Soft pedal needed on Labour policy
Since its rejection on election night, renewal has been in the air for the Labour Party.
Both candidates vying to replace Phil Goff as party leader have been talking about new directions, changes to the Labour brand and learning from the election defeat, despite an almost total absence of detail about what those lessons might be.
Nor have there been many insights offered into just how Brand Labour can credibly turn itself into a hot, new item of choice among the spin-weary public in Voterland.
In this political vacuum, the pundits have been offering their five cents on what needs to be dumped from Labour’s recent policy agenda – ie, virtually everything.
One Auckland-based analyst, for example, has urged Labour to drop its three campaign pledges: to take GST off fruit and vegetables; raise the retirement age; and bring in a capital gains tax.
And while it’s at it, apparently it should also abandon its opposition to asset sales and national standards, and embrace welfare reform and private prisons to boot.
The logic behind this wholesale surrender is that since voters have just elected a National Party advocating such measures, the only way ahead for the Labour Party would be to offer virtually the same policy bundle.
In practice, this would mean Labour not merely adopting a new National Lite-ish image, but also cloning the Key Government’s entire agenda.
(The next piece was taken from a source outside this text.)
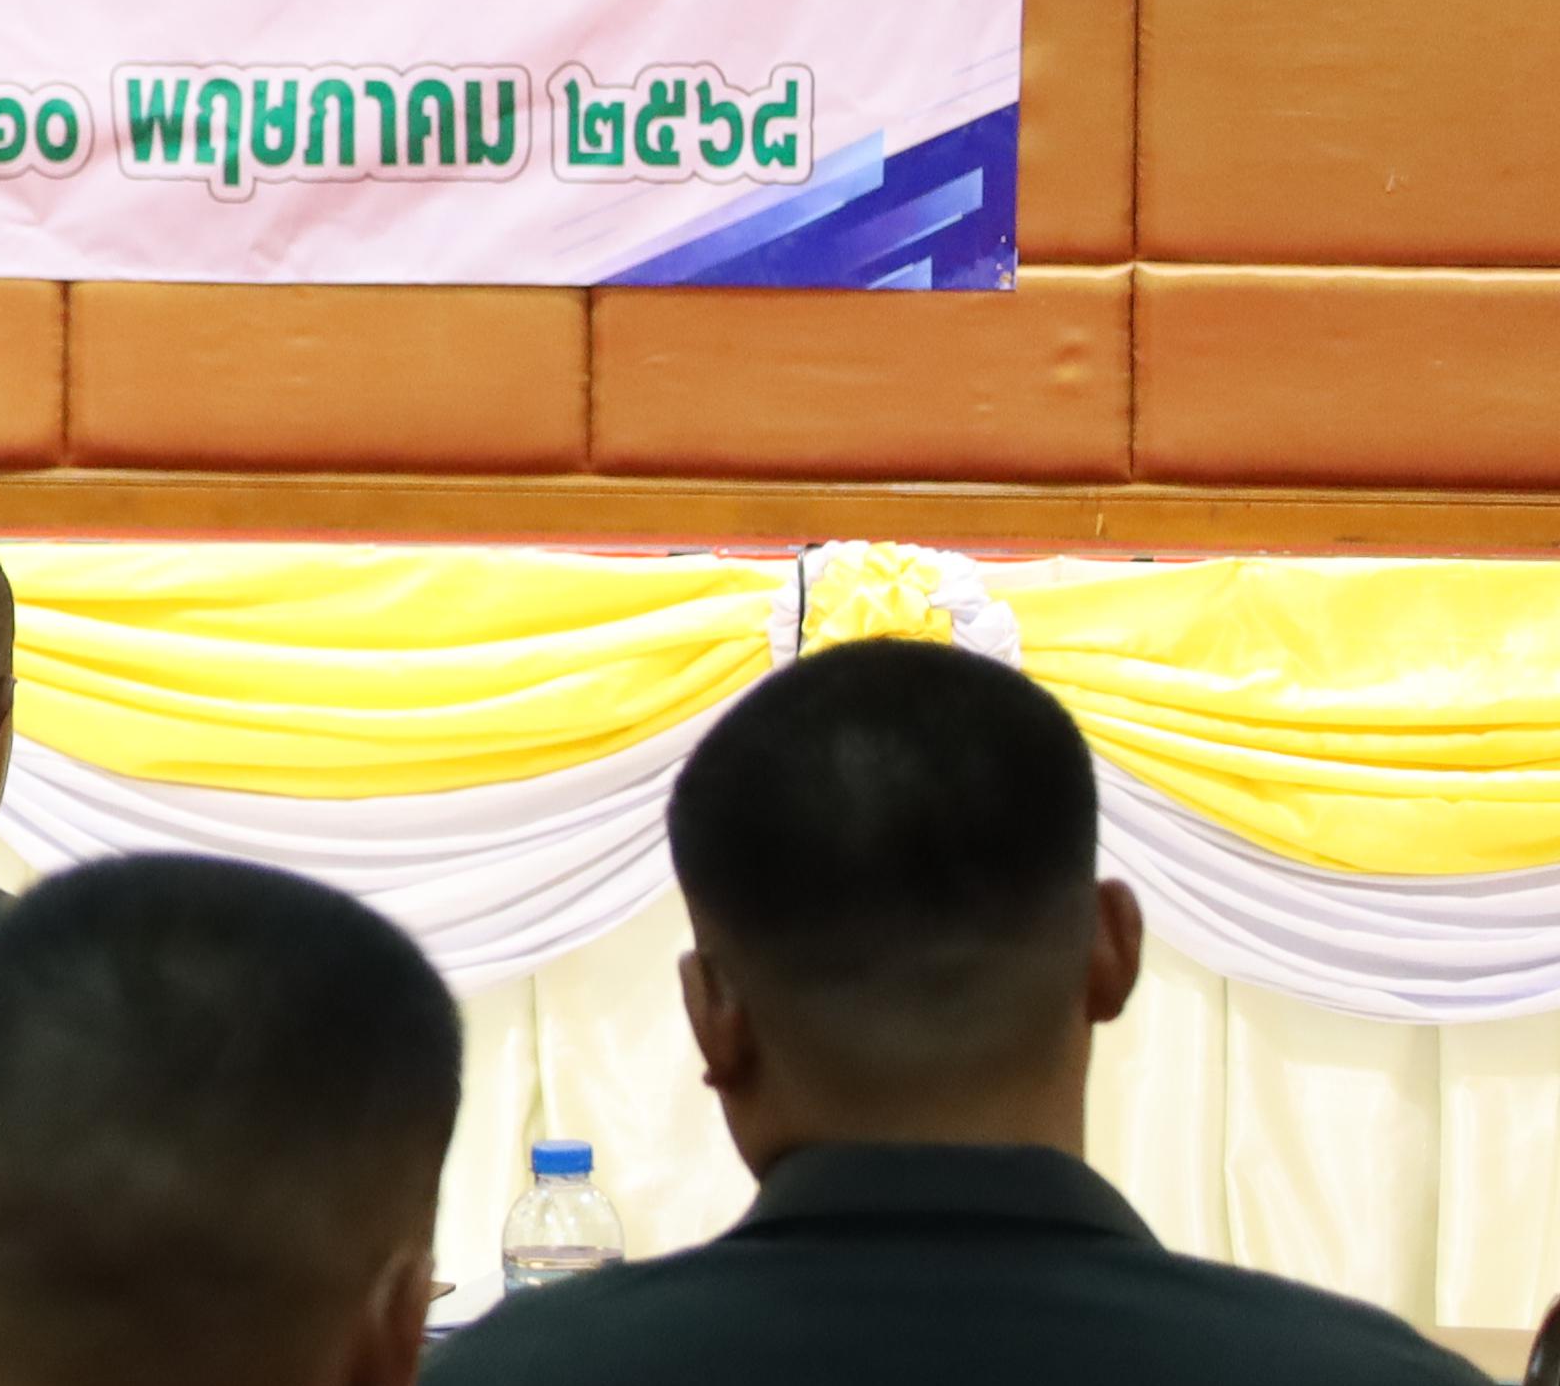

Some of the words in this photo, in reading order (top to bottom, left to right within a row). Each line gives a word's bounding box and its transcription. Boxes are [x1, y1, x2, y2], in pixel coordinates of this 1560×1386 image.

[126, 76, 517, 187] พฤษภาคม
[565, 77, 800, 170] ๒๕๖๘
Needless to say, that would be an over-reaction.
True, the new Labour leadership has to combat the Government on one flank, but on the other it has a Green Party poised to scoop up any Labourites alienated by a sudden lurch to the right.
Fortunately, there is one way forward for Labour’s new leader that would be entirely consistent with party traditions.
This would involve an unrelenting focus on jobs, jobs, jobs. Just as the Greens’ identity is grounded in its advocacy for the environment, Labour’s raison d’etre has always been work opportunities and better conditions for Kiwi battlers, and for the hardpressed middle class.
There is little need to mimic National’s current array of policies – especially when Labour’s own polling has shown that many of those policies (eg, asset sales) are far less popular with the public than the personality of National leader, John Key.
The realities of a difficult second term are likely to take the gloss off Key’s personal charms more successfully than anything that could be achieved by an abrupt transformation of Labour’s shop window.
After all, New Zealand is not a contented and complacent society. It is an anxious community under pressure.
While critics have called for Labour’s new leader to toughen up on welfare, the more fruitful, longterm response would be to offer economic policies that satisfy the need for security on one hand, while promoting a more decent, fairer society on the other.
Labour’s tradition is uniquely in tune with that approach. It created the welfare safety net which, despite its critics, still forms an important part of the national identity, even within Key’s brand of compassionate conservatism.
As they say, oppositions do not win elections in New Zealand – governments lose them.
Labour’s new leadership need not carry out wholesale changes to be a viable, decent alternative in 2014 to the politics of business as usual.